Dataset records
════════════════════

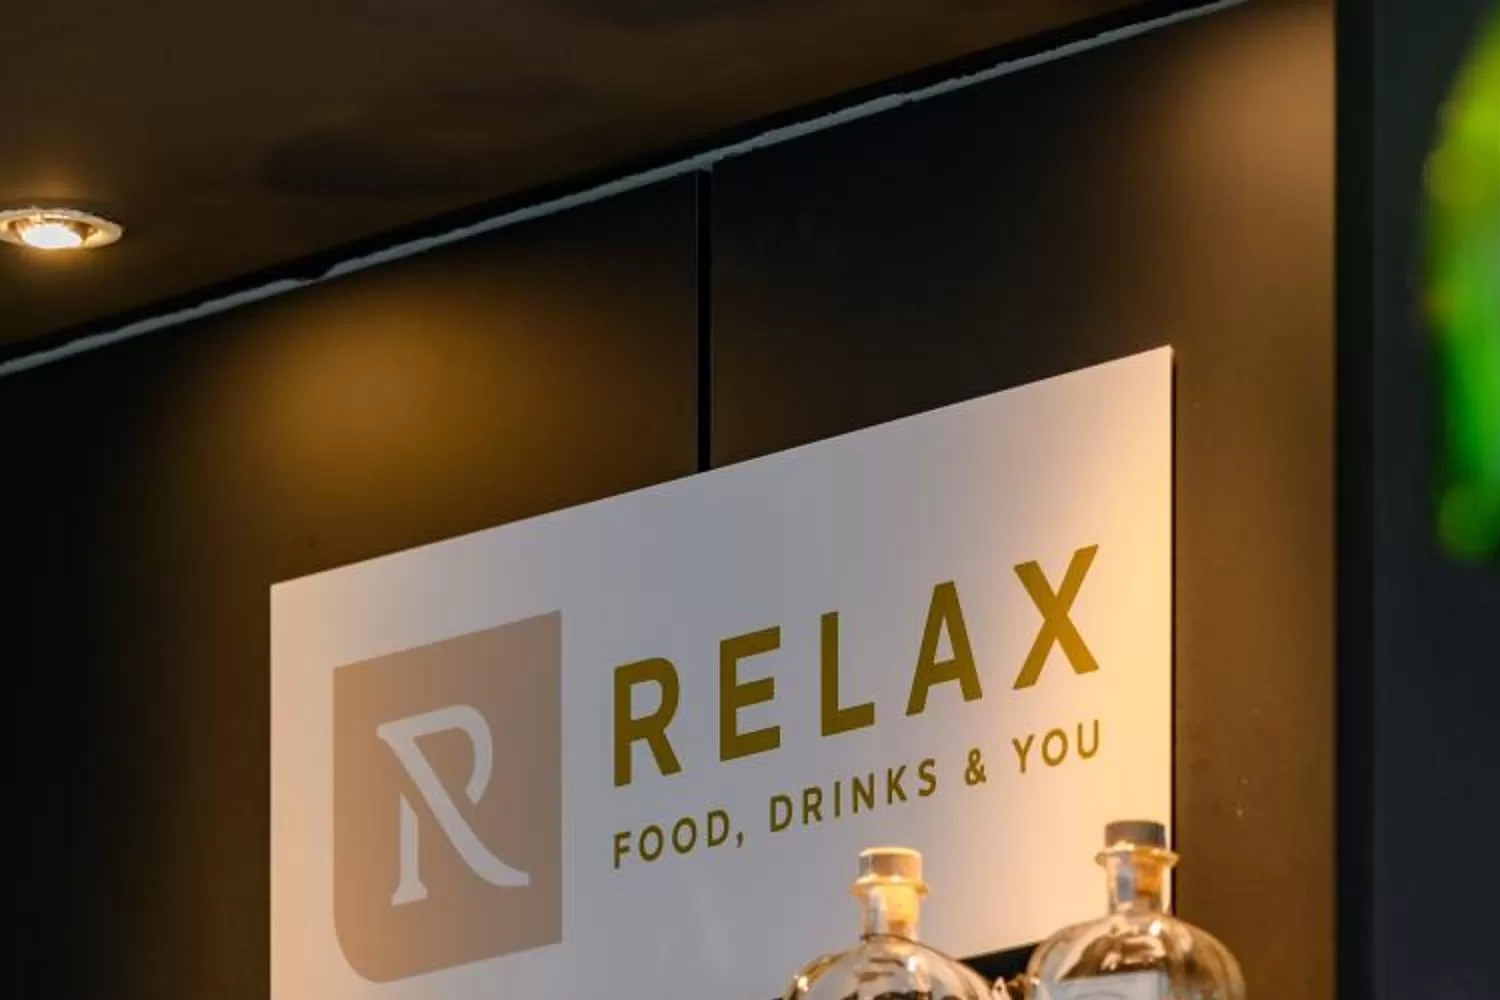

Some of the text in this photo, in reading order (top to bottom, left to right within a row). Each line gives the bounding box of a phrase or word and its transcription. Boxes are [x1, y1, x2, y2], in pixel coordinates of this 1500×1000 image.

[612, 543, 1101, 787] RELAX
[613, 718, 1100, 869] FOOD, DRINKS & YOU
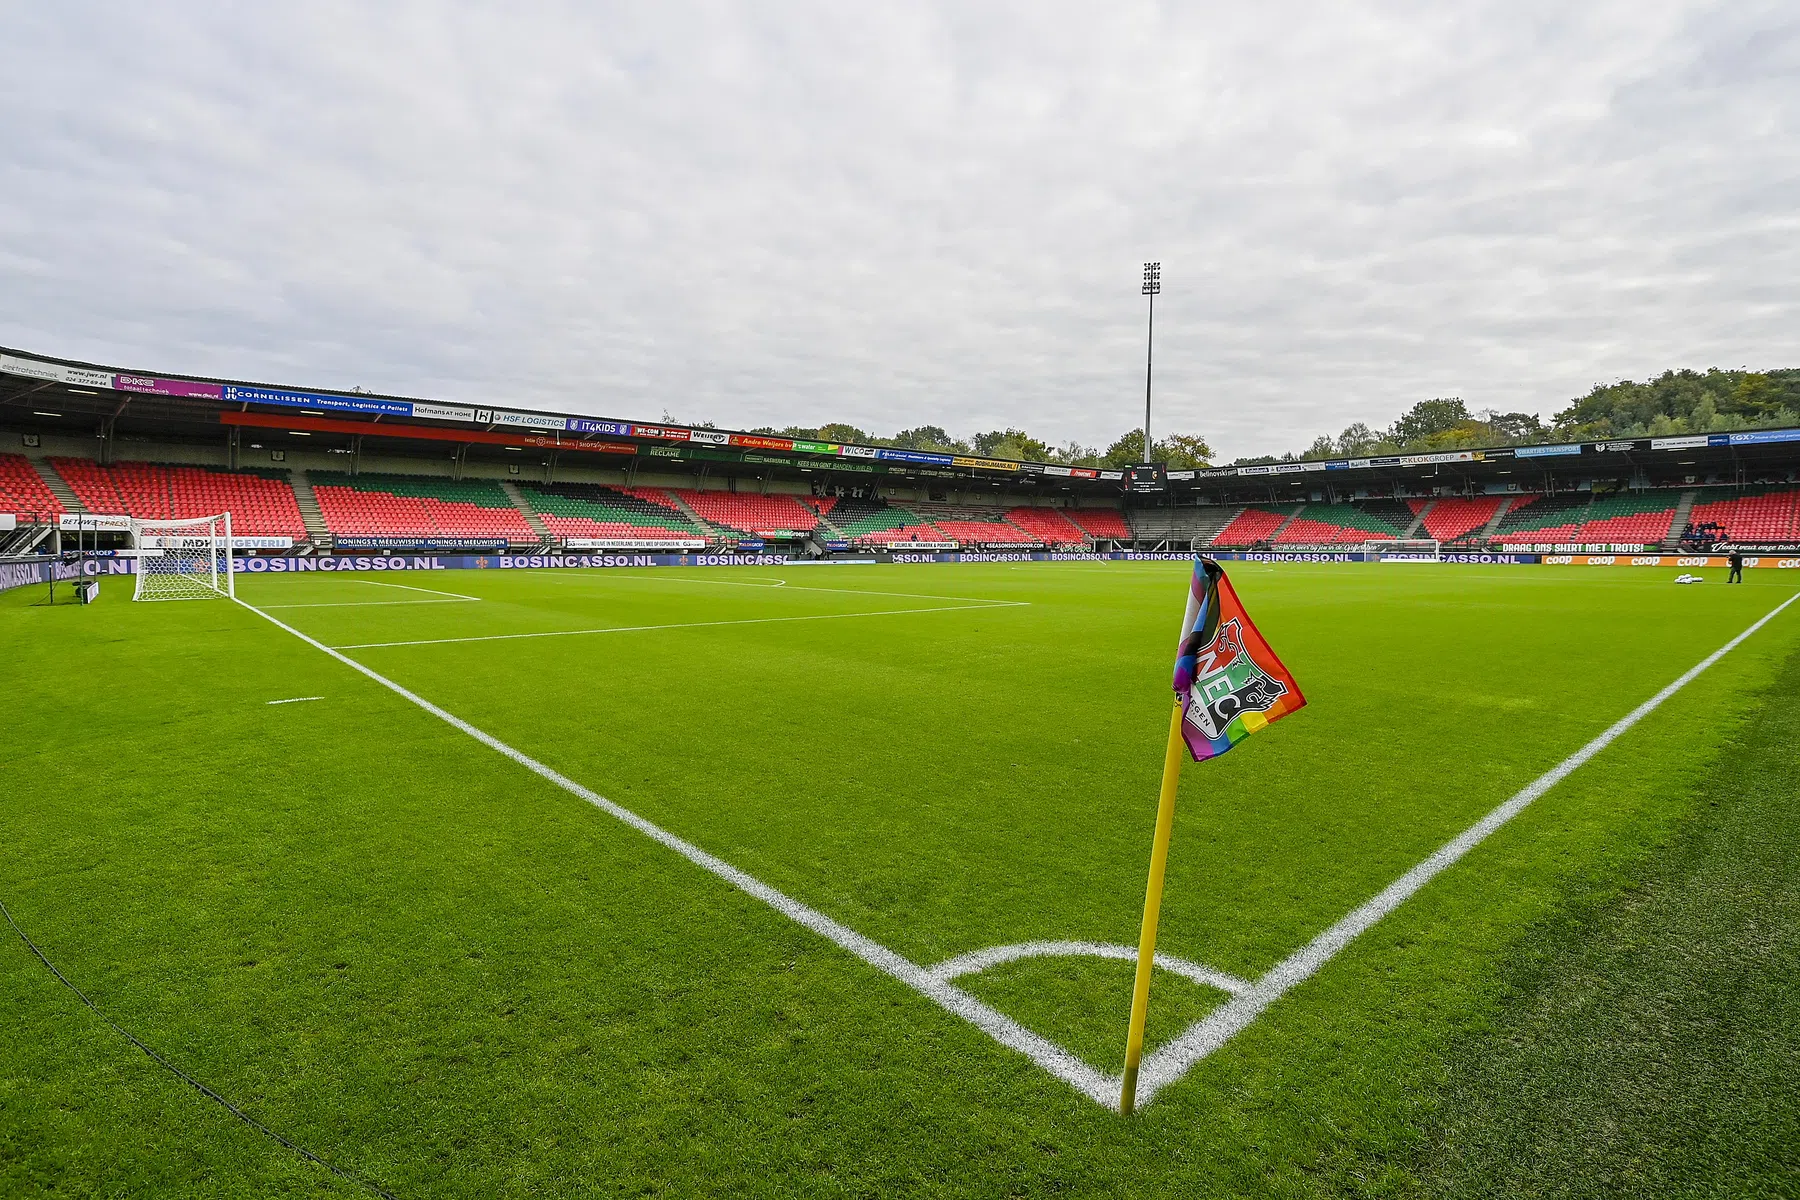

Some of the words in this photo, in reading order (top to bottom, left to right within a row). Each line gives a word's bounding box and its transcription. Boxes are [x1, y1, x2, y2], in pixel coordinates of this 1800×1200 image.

[2, 363, 58, 379] elektrotechniek
[67, 369, 108, 379] www.jwr.nl
[237, 391, 310, 403] CORNELISSEN
[316, 398, 350, 408] Transport,
[352, 402, 379, 410] Logistics
[415, 406, 446, 416] Hofmans
[503, 414, 521, 423] HSF
[522, 416, 565, 427] LOGISTICS
[581, 421, 616, 433] IT4KIDS
[650, 450, 680, 458] RECLAME
[844, 446, 865, 455] WICO
[1407, 454, 1455, 463] KLOKGROEP
[1503, 544, 1531, 552] DRAAG
[1534, 544, 1552, 552] ONS
[1555, 544, 1583, 552] SHIRT
[1585, 544, 1608, 552] MET
[1610, 544, 1644, 552] TROTS!
[500, 555, 656, 568] BOSINCASSO.NL
[960, 554, 1033, 562] BOSINCASSO.NL
[1246, 554, 1352, 562] BOSINCASSO.NL
[1546, 556, 1573, 565] coop
[1588, 556, 1615, 565] coop
[1631, 556, 1660, 566] coop
[1677, 557, 1708, 567] coop
[1726, 557, 1759, 568] cop
[232, 557, 445, 572] BOSINCASSO.NL

════════════════════

Work order
Take the data above and set it down exactly, images excluded.

Output for this task
Some of the text in this photo, in reading order (top to bottom, left to right within a row). Each line gives the bounding box of a phrase or word and its transcription. Boxes are [x1, y1, x2, y2], in pixel coordinates of this 1500×1000 image.

[612, 543, 1101, 787] RELAX
[613, 718, 1100, 869] FOOD, DRINKS & YOU

Some of the words in this photo, in reading order (top to bottom, left to right within a row). Each line gives a word's bounding box and its transcription. Boxes are [x1, y1, x2, y2], in pixel coordinates of this 1800×1200 image.

[2, 363, 58, 379] elektrotechniek
[67, 369, 108, 379] www.jwr.nl
[237, 391, 310, 403] CORNELISSEN
[316, 398, 350, 408] Transport,
[352, 402, 379, 410] Logistics
[415, 406, 446, 416] Hofmans
[503, 414, 521, 423] HSF
[522, 416, 565, 427] LOGISTICS
[581, 421, 616, 433] IT4KIDS
[650, 450, 680, 458] RECLAME
[844, 446, 865, 455] WICO
[1407, 454, 1455, 463] KLOKGROEP
[1503, 544, 1531, 552] DRAAG
[1534, 544, 1552, 552] ONS
[1555, 544, 1583, 552] SHIRT
[1585, 544, 1608, 552] MET
[1610, 544, 1644, 552] TROTS!
[500, 555, 656, 568] BOSINCASSO.NL
[960, 554, 1033, 562] BOSINCASSO.NL
[1246, 554, 1352, 562] BOSINCASSO.NL
[1546, 556, 1573, 565] coop
[1588, 556, 1615, 565] coop
[1631, 556, 1660, 566] coop
[1677, 557, 1708, 567] coop
[1726, 557, 1759, 568] cop
[232, 557, 445, 572] BOSINCASSO.NL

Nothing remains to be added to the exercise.